Clark had come to Hockenheim on 7th April 1968 for what was technically a minor race meeting despite a field of F1 drivers. Clark had been due at Brands Hatch for a 1000km World Sportscar race but went to Hockenheim due to contractual obligations with Firestone. It was a damp and miserable day in Germany that day, something that would not normally bother Clark. The meeting was in two heats and in the first heat Clark headed off on his fifth lap but never returned. His Lotus 48 veered off the track and crashed into the many trees lining the track. Emergency services reached him but he was pronounced dead before he reached the hospital with a broken neck and skull fractures. The cause of the crash has never been fully identified but a deflated tyre was blamed.
Even now though this theroy is disputed. Some initial reports put it down to driver error but Clark’s peers like Jackie Stewart, Hill, Jack Brabham and Surtees didn’t agree. They felt it was either a tyre or, more likely, a mechanical issue. Reason for their thoughts was due to Clark’s deft touch and control and that the Lotus cars, albeit very fast, were also fragile, Chapman pushing the limits in search of his next unfair advantage. All that is known is the farmer’s son from Scotland had died in that forest in Germany that day.
Clark was, and still is, seen by many as the greatest due to his smooth car control and finesse that meant he didn’t break cars like others.
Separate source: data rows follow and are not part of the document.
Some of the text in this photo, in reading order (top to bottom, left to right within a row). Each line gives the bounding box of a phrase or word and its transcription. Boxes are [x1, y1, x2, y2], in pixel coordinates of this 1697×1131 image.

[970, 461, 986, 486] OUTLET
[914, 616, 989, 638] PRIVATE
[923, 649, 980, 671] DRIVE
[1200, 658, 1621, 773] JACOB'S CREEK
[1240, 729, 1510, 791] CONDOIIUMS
He was also diverse as we have seen with championships in single seaters, Indy 500 success, saloon cars and even taking part in rallies like the 1966 RAC Rally of Great Britain and even a NASCAR event in 1967 at Rockingham.
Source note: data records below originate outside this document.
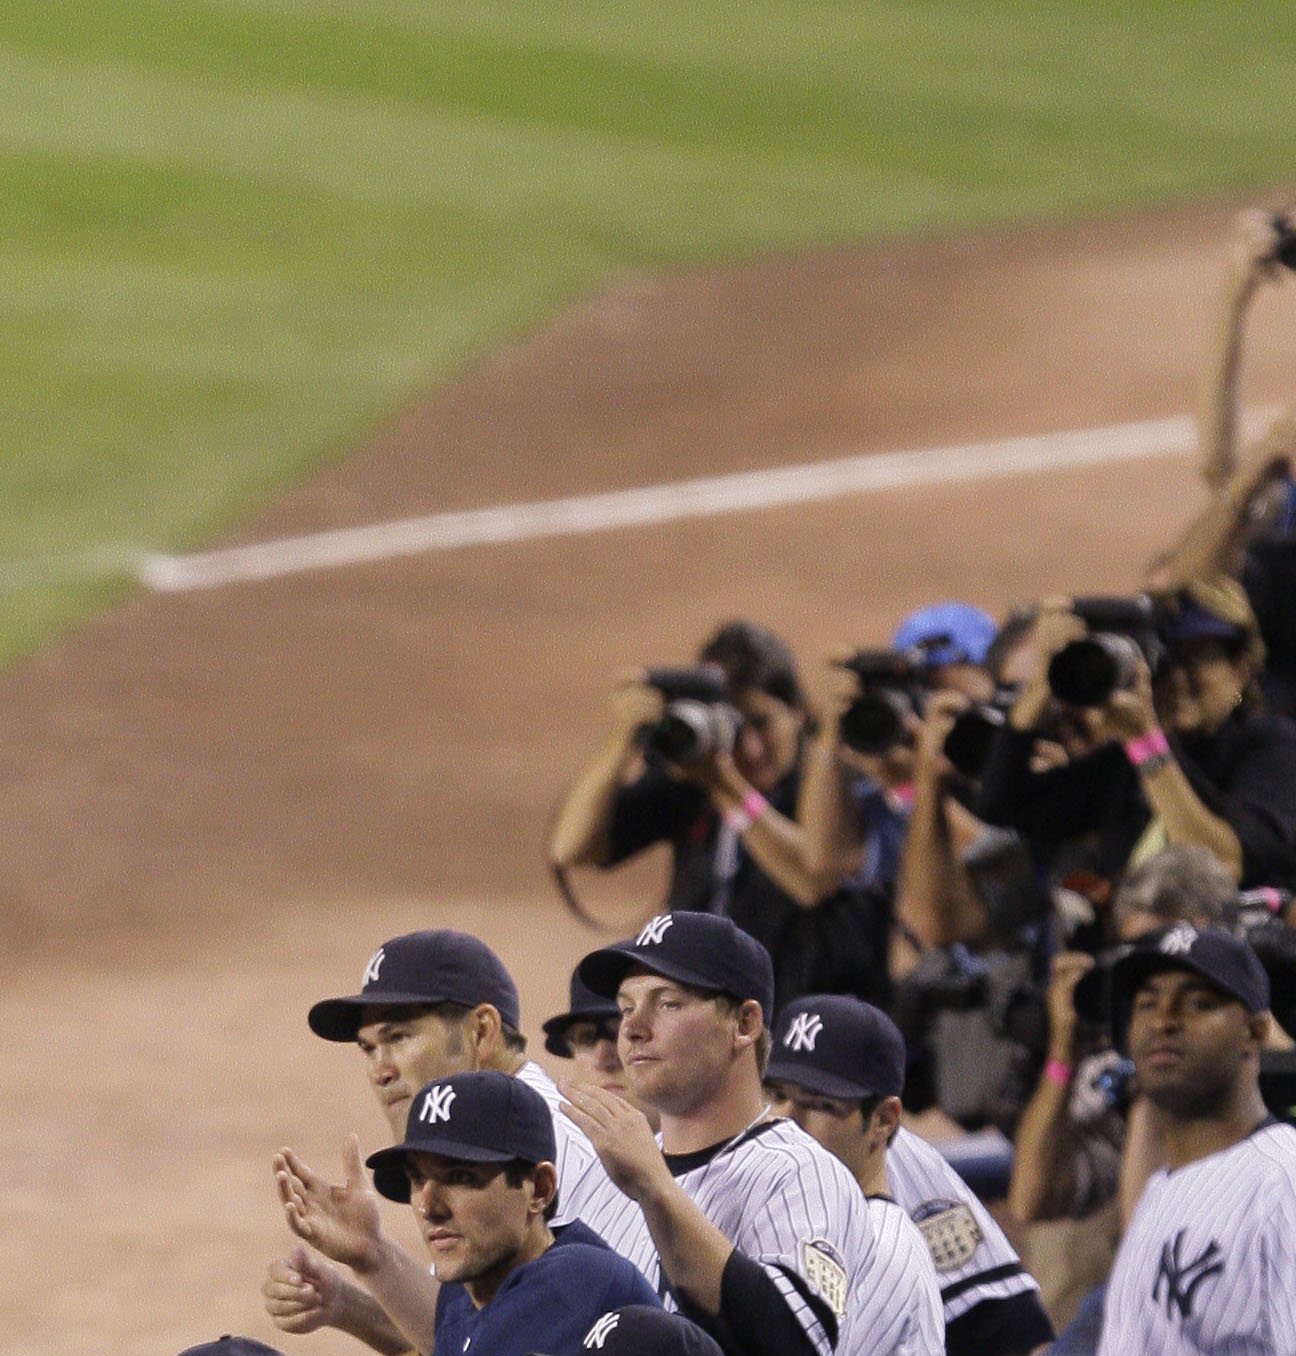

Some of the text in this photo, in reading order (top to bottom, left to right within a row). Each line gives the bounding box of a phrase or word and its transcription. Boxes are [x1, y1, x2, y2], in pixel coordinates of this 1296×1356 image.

[636, 914, 673, 946] NY
[784, 1012, 823, 1051] NY
[419, 1085, 456, 1124] NY
[1153, 1229, 1224, 1320] NY
[583, 1312, 621, 1349] NY
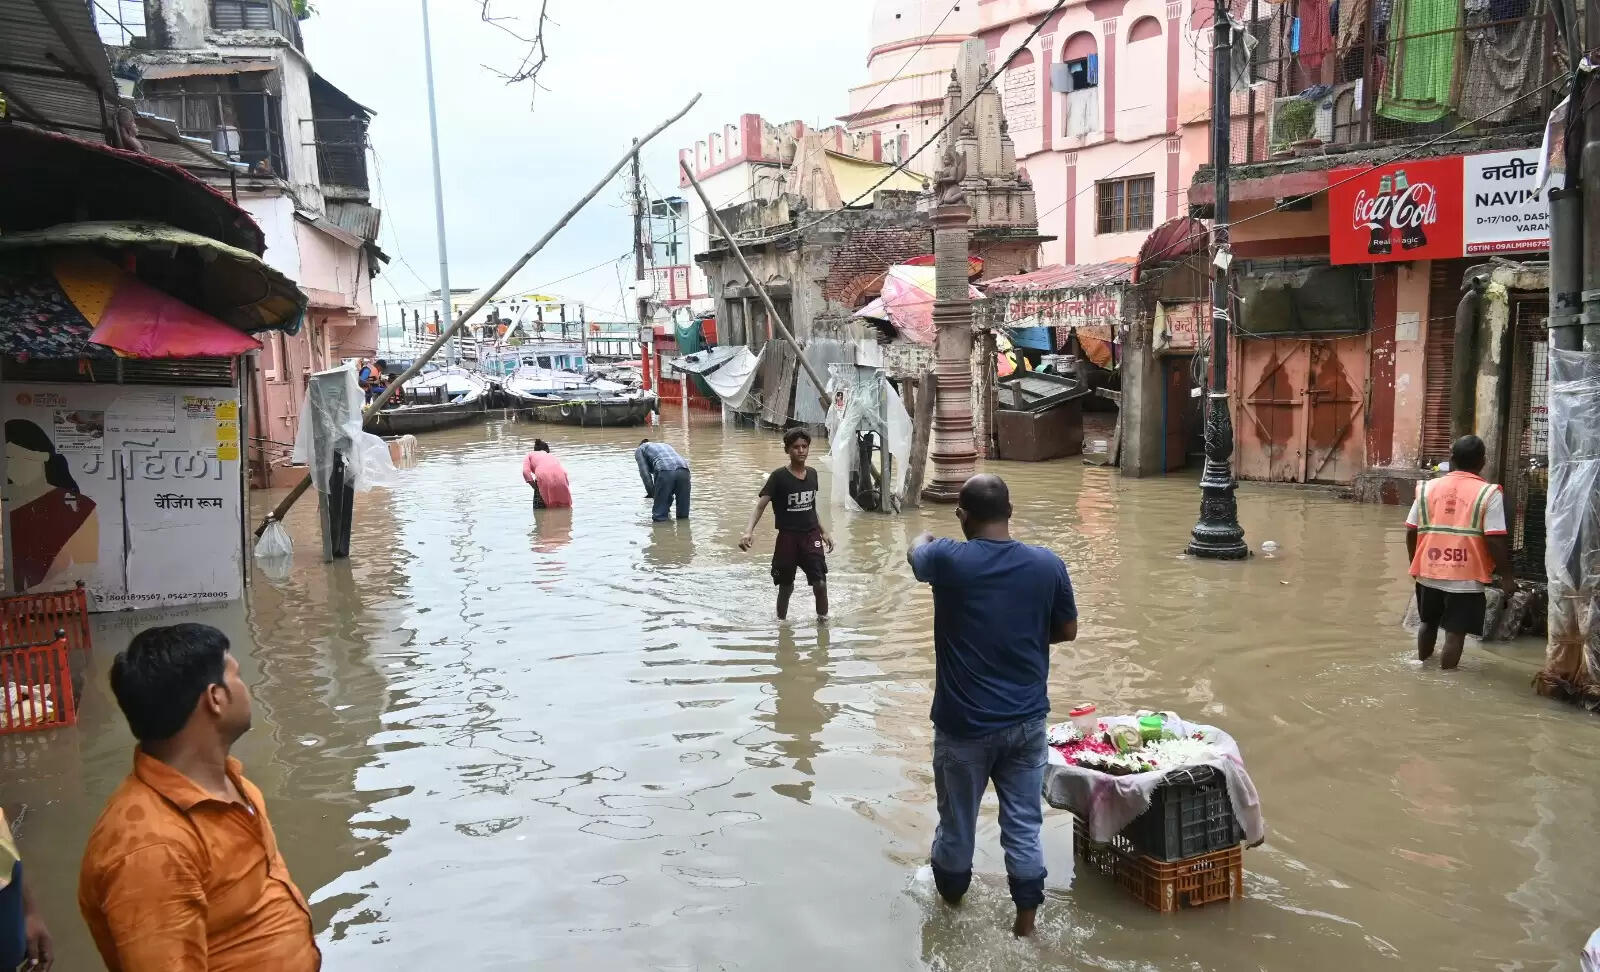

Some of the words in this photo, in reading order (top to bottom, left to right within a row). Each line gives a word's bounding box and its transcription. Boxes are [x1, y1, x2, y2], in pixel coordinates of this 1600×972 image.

“He (Clark) was so smooth, he was so clean, he drove with such finesse. He never bullied a racing car, he sort of caressed it into doing the things he wanted it to do.” was a quote from his friend and fellow Scot Jackie Stewart. Clark could take any car and be competitive, no matter the set up. While others struggled he excelled and this has to see Clark as one of, if not the most, versatile driver in motor sport history.